People investigated by the former detective, Mr Louis N Scarcella, have already received a total of US$73.1 million in settlements from New York City and another US$36.9 million from the state, according to the city and state comptroller offices.

The payouts are expected to rise by tens of millions more, because the men cleared last year of burning a subway token clerk alive in 1995 have filed claims against the state.

The US$110 million went to 14 defendants, including a woman who died a few years after her release, a man who was just 14 when he was arrested on murder charges and a man whose settlement went to his mother because he died in prison at age 37. One man, released from prison after 23 years, had a severe heart attack two days later.

Mr Scarcella has not been charged with any crimes. But no other New York Police Department officer has ever come close to costing taxpayers as much, lawyers involved in the cases say.

Experts in wrongful convictions say the sum is “staggering,” and puts Mr Scarcella in the company of just a handful of other police officers in Chicago and Philadelphia accused of rigging dozens of cases, costing millions.

In New York, a city with 36,000 police officers, records show that Mr Scarcella’s cases represent about 15 per cent of the nearly US$500 million the city spent on reversed convictions between 2014 and 2022. The city often settles out of court to avoid the potential of a bigger payout at trial.

“While many police officers in New York City history have made excessive amounts of overtime, no police officer in the history of New York and quite possibly the history of policing has cost taxpayers over $100 million for his misconduct,” said Mr Ronald Kuby, a civil rights lawyer who has won settlements in three Scarcella cases. “And there’s more to come.”

Mr Scarcella, now 72, was a detective in the Brooklyn North homicide squad in the 1980s and ’90s, when the crack epidemic sent the city’s homicide rate soaring.

A cigar-smoking legend known as “the closer,” Mr Scarcella, who retired in 1999, had a reputation for solving murder cases that had stymied his colleagues.
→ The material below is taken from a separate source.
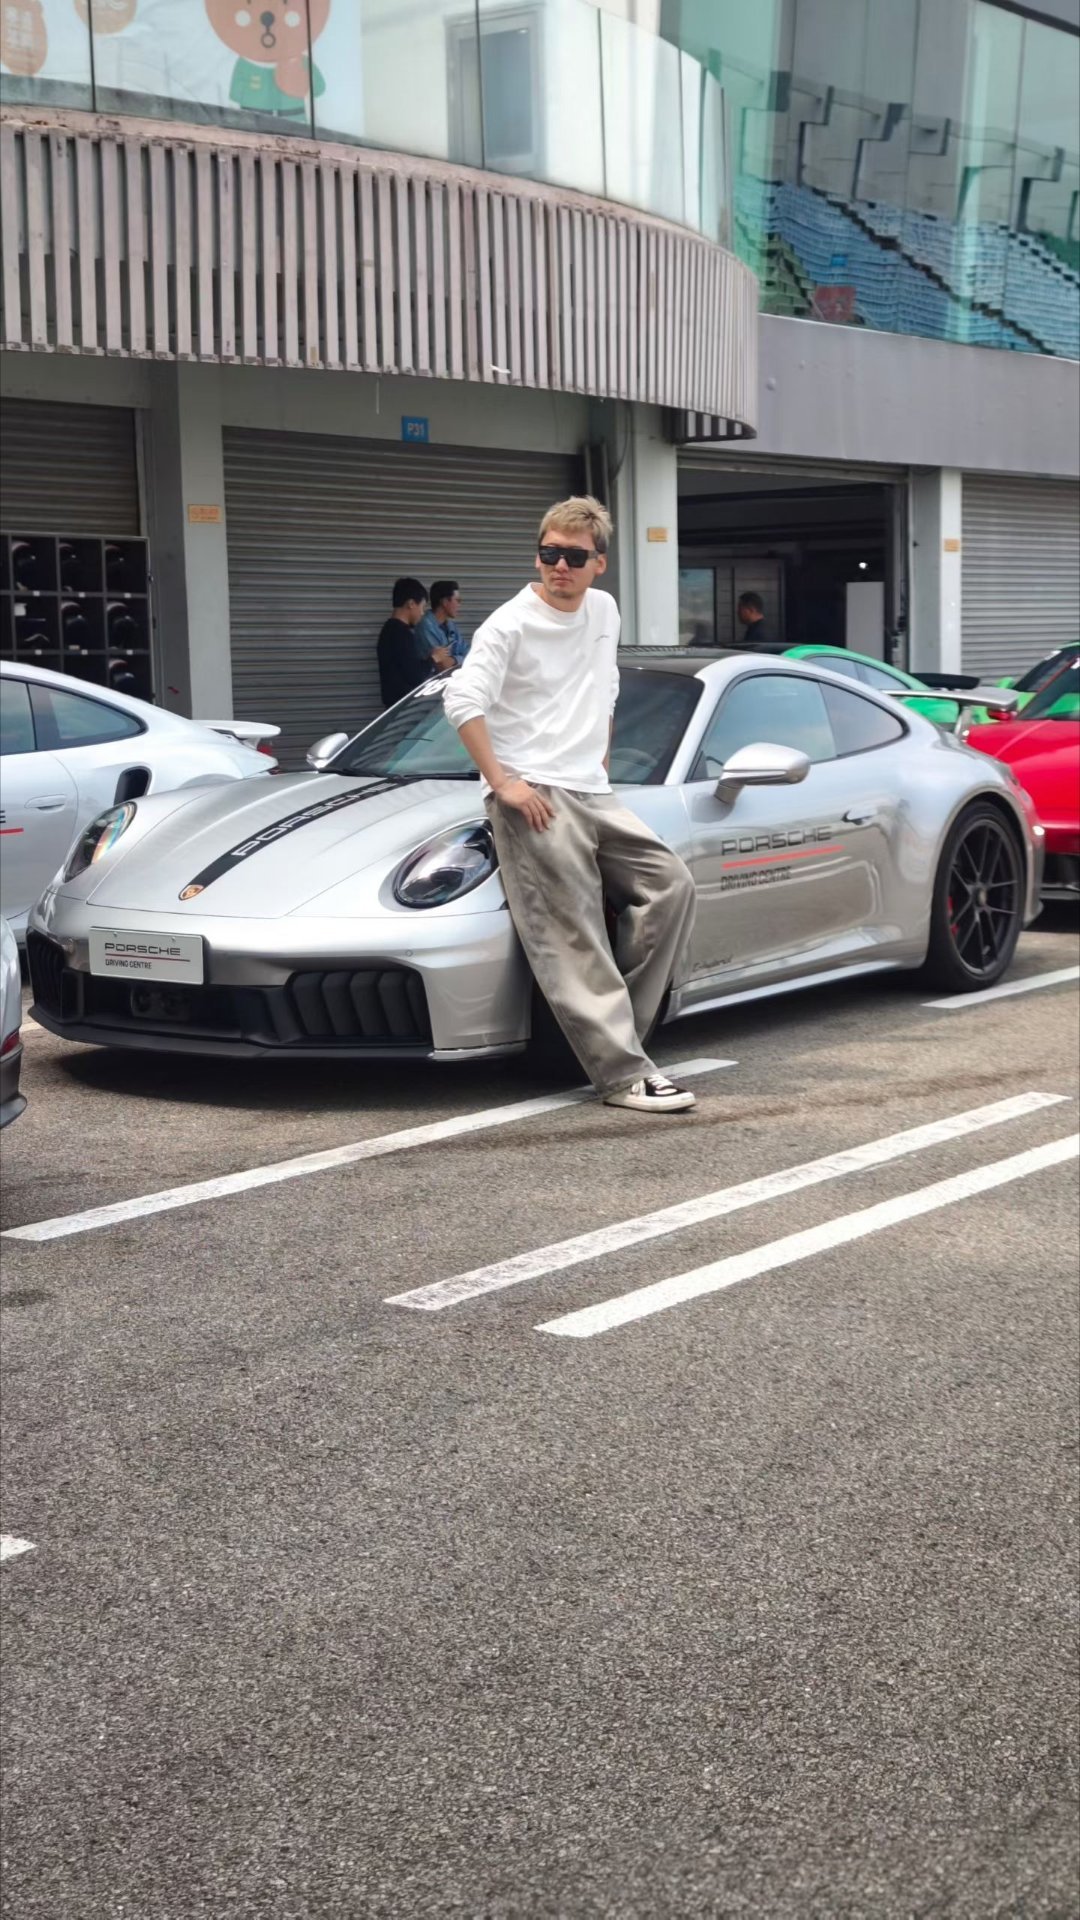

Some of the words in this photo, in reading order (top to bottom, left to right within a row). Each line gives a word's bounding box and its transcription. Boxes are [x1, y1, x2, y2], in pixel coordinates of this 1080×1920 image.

By his own count, he led at least 175 cases and helped with 175 more.

A Navy veteran who moonlighted as a Coney Island carnival barker, he joined the police force in 1973, following in his father’s footsteps. His confidence and swagger landed him on “Dr. Phil,” where he boasted about his ability to extract confessions from suspects. But defense lawyers and even some colleagues wondered about his methods.

For years, defense lawyers, including Mr Kuby, accused him of coaching witnesses, sometimes under threat, and not just coercing false confessions but inventing them. Confessions that defendants in different cases later denied offering sometimes contained identical language, The New York Times found.

Police and court records documented how witnesses changed their accounts after Mr Scarcella met with them.

But Scarcella’s work did not come under fire publicly until 2013, after a witness came forward to say a detective told him which suspect to pick out of a police lineup for the 1990 murder of a Brooklyn rabbi.